Japan seizes control of whaling group after historic vote

The environment movement suffered one of its greatest reverses late last night when pro-whaling countries, led by Japan, gained control of the International Whaling Commission (IWC) and immediately began undermining the 20-year-old international whaling moratorium.

In a stunning diplomatic coup, Japan and its allies, including Norway and Iceland, won a voting majority in the IWC for the first time, as a result of a remorseless 10-year Japanese campaign to secure the votes of small African and Caribbean countries in exchange for multimillion-dollar foreign aid packages.

At the IWC meeting at St Kitts and Nevis in the West Indies, the pro-whalers scraped home on a catch-all resolution that condemned the moratorium as invalid, blamed whales for depleting the fish stocks of poor countries, and attacked environmental pressure groups campaigning against whaling such as Greenpeace.

The vote on the so-called "St Kitts and Nevis Declaration" was won by 33 votes to 32, with one nation - China - abstaining. The Japanese had been widely expected to achieve a majority in the meeting after bringing three new states into the IWC this year to vote on their side - Cambodia, the Marshall Islands and Guatemala - but they had lost four earlier votes by narrow margins.

Yet that does not matter now. The simple 51 per cent majority they have now secured will not allow them to scrap the moratorium directly - for that they need a majority of 75 per cent. But for them it is an enormous moral victory, and its significance was immediately realised by opponents and supporters of whaling alike.

"The conservation of the world's whales has taken a huge blow today," said a spokesman for the Whale and Dolphin Conservation Society. "The ban on commercial whaling, brought into effect 20 years ago by the IWC to save whales decimated by decades of unregulated and unsustainable whaling, is now dangerously close to being overturned.

"With Japan and other pro-whaling nations now holding the majority of votes, the IWC will be driven to abandon its conservation and welfare mandate and refocus exclusively on whaling."

Britain, New Zealand and Australia immediately disassociated themselves from the declaration and said that it carried no policy weight. "This is simply a declaration of the views of pro-whaling nations, nothing more, nothing else," said Ian Campbell for Australia.

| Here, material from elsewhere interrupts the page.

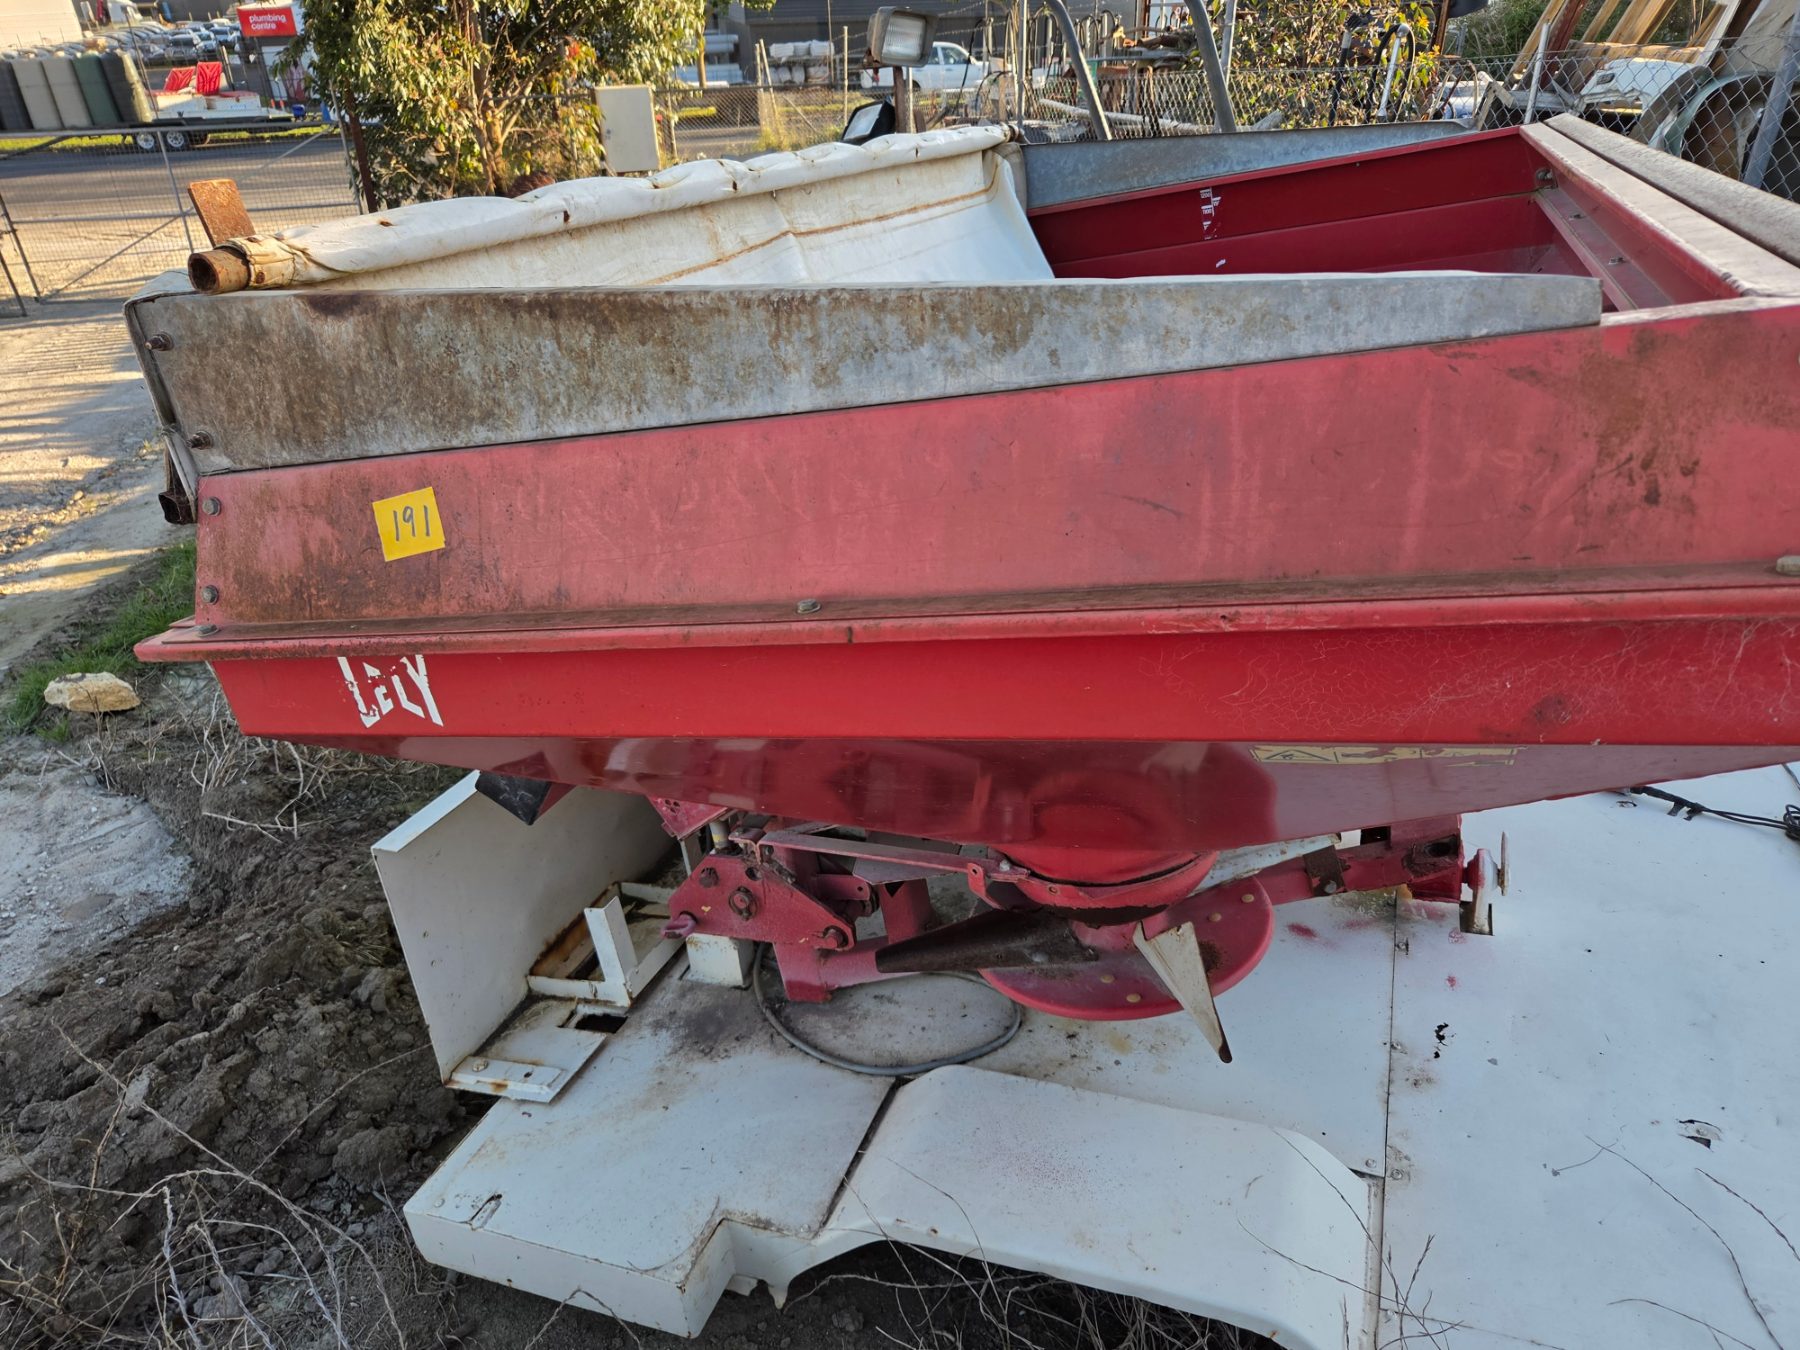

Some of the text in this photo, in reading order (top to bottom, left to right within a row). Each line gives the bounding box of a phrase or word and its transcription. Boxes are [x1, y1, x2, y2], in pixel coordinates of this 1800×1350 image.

But the High North Alliance, the Norwegian pro-whaling pressure group, called it "a historic victory for the pro-whaling nations".

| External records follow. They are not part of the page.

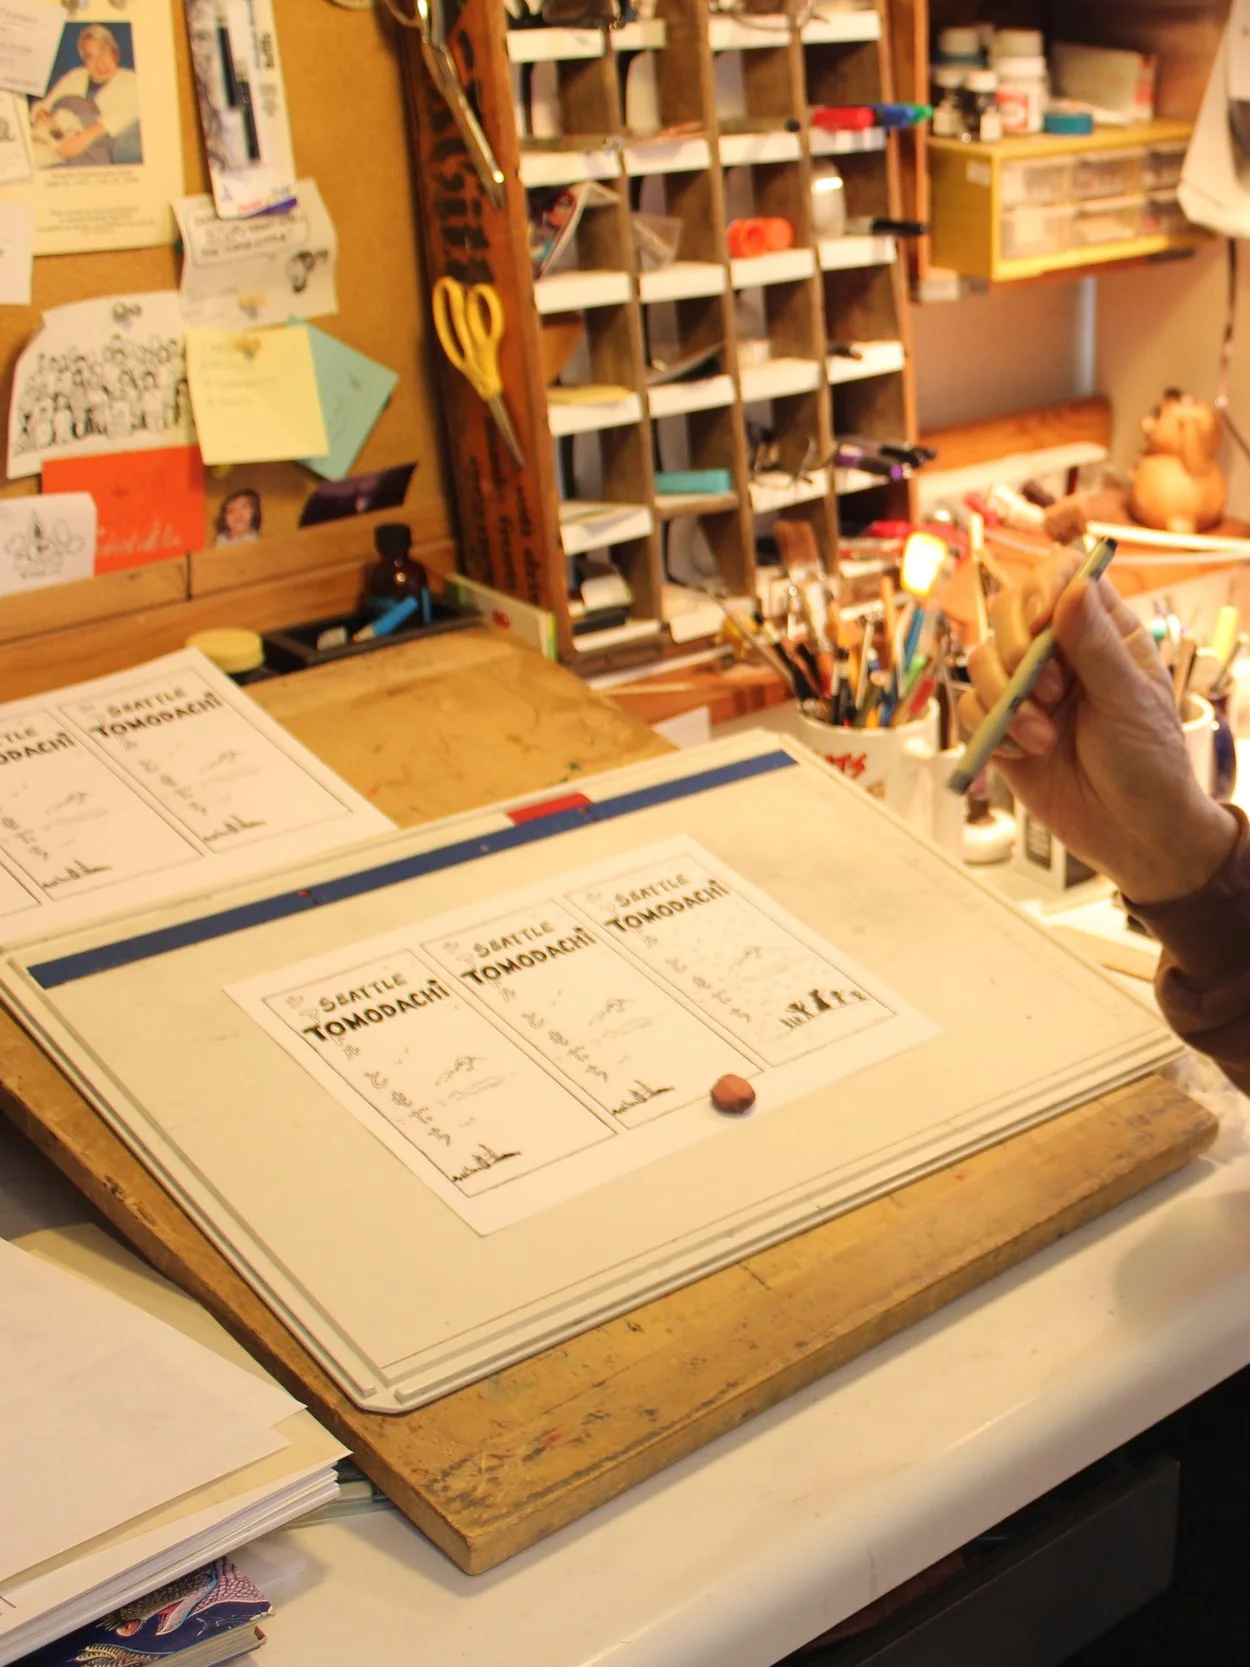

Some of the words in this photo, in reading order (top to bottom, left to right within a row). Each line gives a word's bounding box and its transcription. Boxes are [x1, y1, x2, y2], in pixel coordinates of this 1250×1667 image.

[108, 689, 186, 717] SEATTLE
[614, 873, 692, 908] SEATTLE
[473, 920, 556, 959] SEATTLE
[318, 972, 408, 1013] SEATTLE
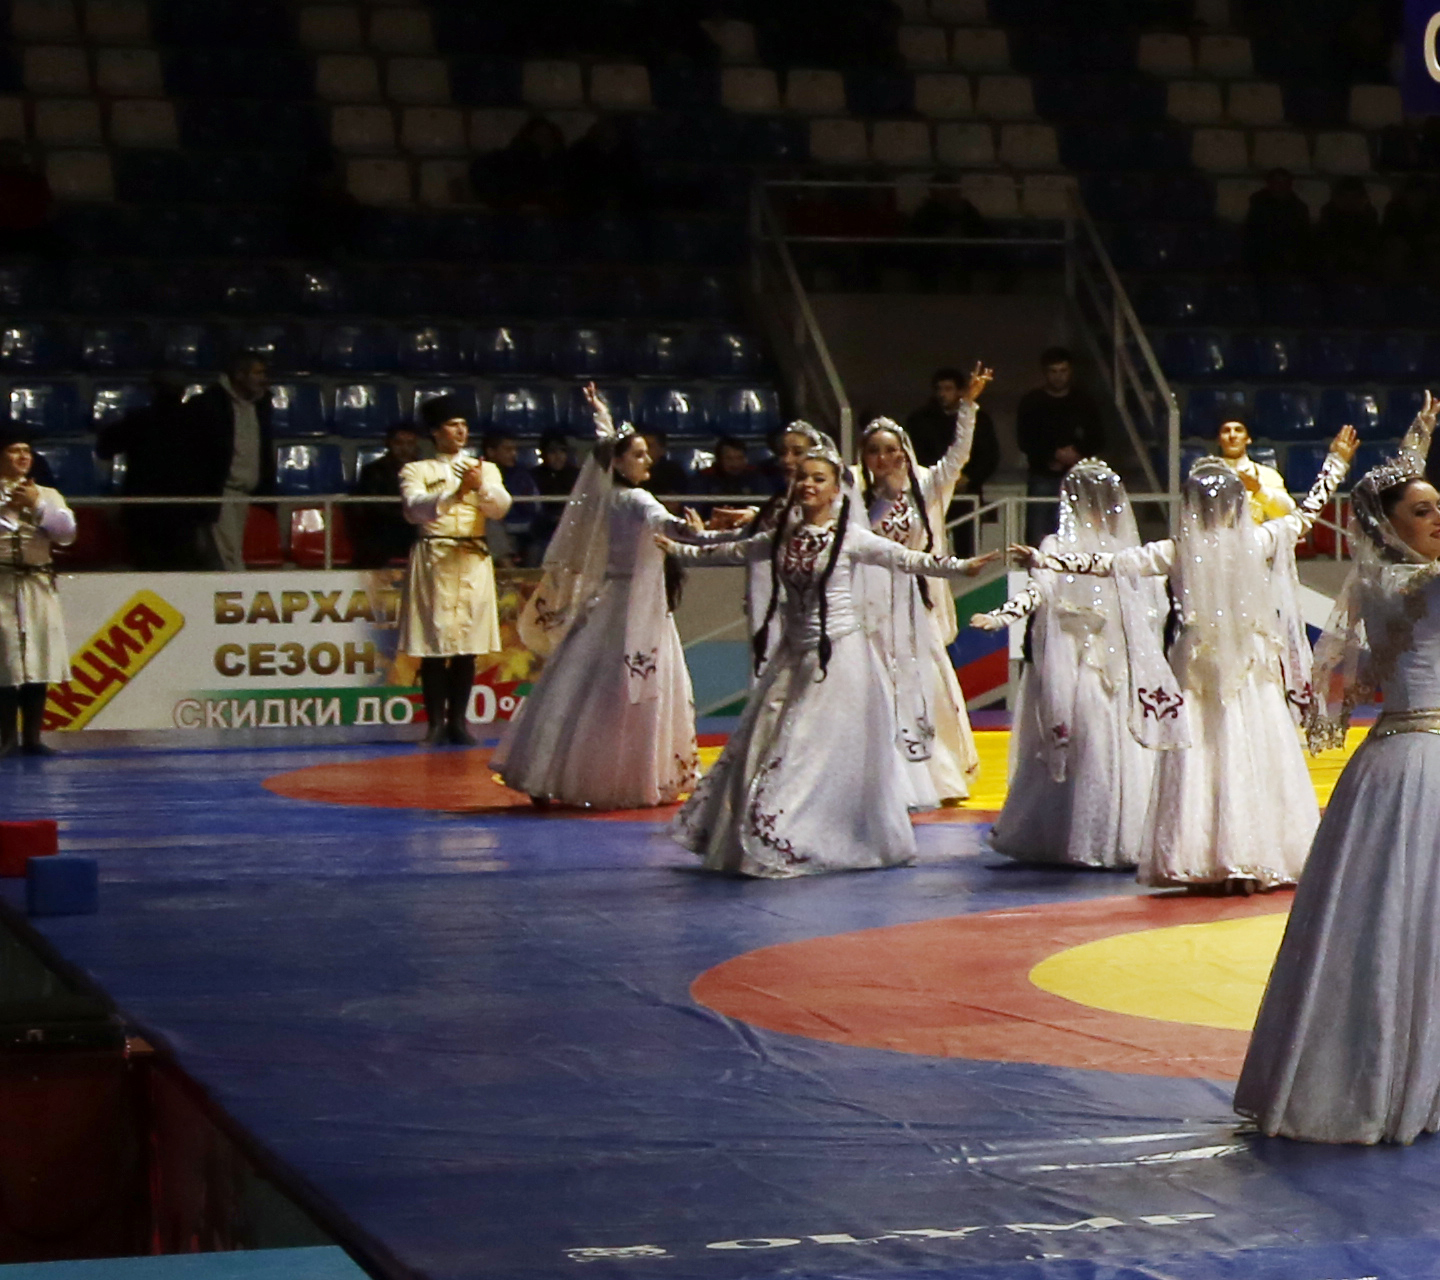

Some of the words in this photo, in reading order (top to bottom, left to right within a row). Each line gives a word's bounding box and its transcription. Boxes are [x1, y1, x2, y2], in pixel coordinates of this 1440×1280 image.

[214, 642, 376, 677] СЕЗОН
[172, 697, 342, 730] СКИДКИ
[353, 696, 414, 727] ДО

Denmark was one of 33 countries that voted in favour of a resolution by the host nation St Kitts and Nevis, declaring that the "IWC has failed to meet its obligations" and needed to be "normalised".

Pro-whalers erupted into spontaneous applause when the result of the vote was announced. The win stunned conservationists, many of whom believed that Denmark was in the anti-whaling camp.

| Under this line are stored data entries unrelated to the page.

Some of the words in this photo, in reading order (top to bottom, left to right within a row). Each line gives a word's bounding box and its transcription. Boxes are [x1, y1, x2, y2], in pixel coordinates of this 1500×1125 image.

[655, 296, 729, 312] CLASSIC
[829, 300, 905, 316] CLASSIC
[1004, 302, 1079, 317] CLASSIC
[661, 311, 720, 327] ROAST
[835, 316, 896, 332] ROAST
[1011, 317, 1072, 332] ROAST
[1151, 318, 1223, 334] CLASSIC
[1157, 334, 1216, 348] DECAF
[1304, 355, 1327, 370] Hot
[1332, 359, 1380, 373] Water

The vote is largely symbolic and does not mean an imminent start to commercial whaling. But there was no hiding that it is a sign of the shifting balance of power within the IWC. The environmental group Whalewatch called it a "sea-change" in the two-decade-old struggle to end the 1986 moratorium protecting the world's dwindling whale stocks from commercial hunting.

"The future of whales hangs in the balance," said Leah Garces of the Whalewatch coalition. "This is a wake-up call to the world."

Ms Garces said the result should alarm Denmark. "A majority of Danes oppose commercial whaling, so why is their government here promoting it?" she asked.

Conservationists said the vote showed that Japan could buy its way back to commercial whaling. "The vote is hugely significant but hardly surprising," said New Zealand's Environment Minister, Chris Carter. "Japan has gone to enormous lengths to get this result."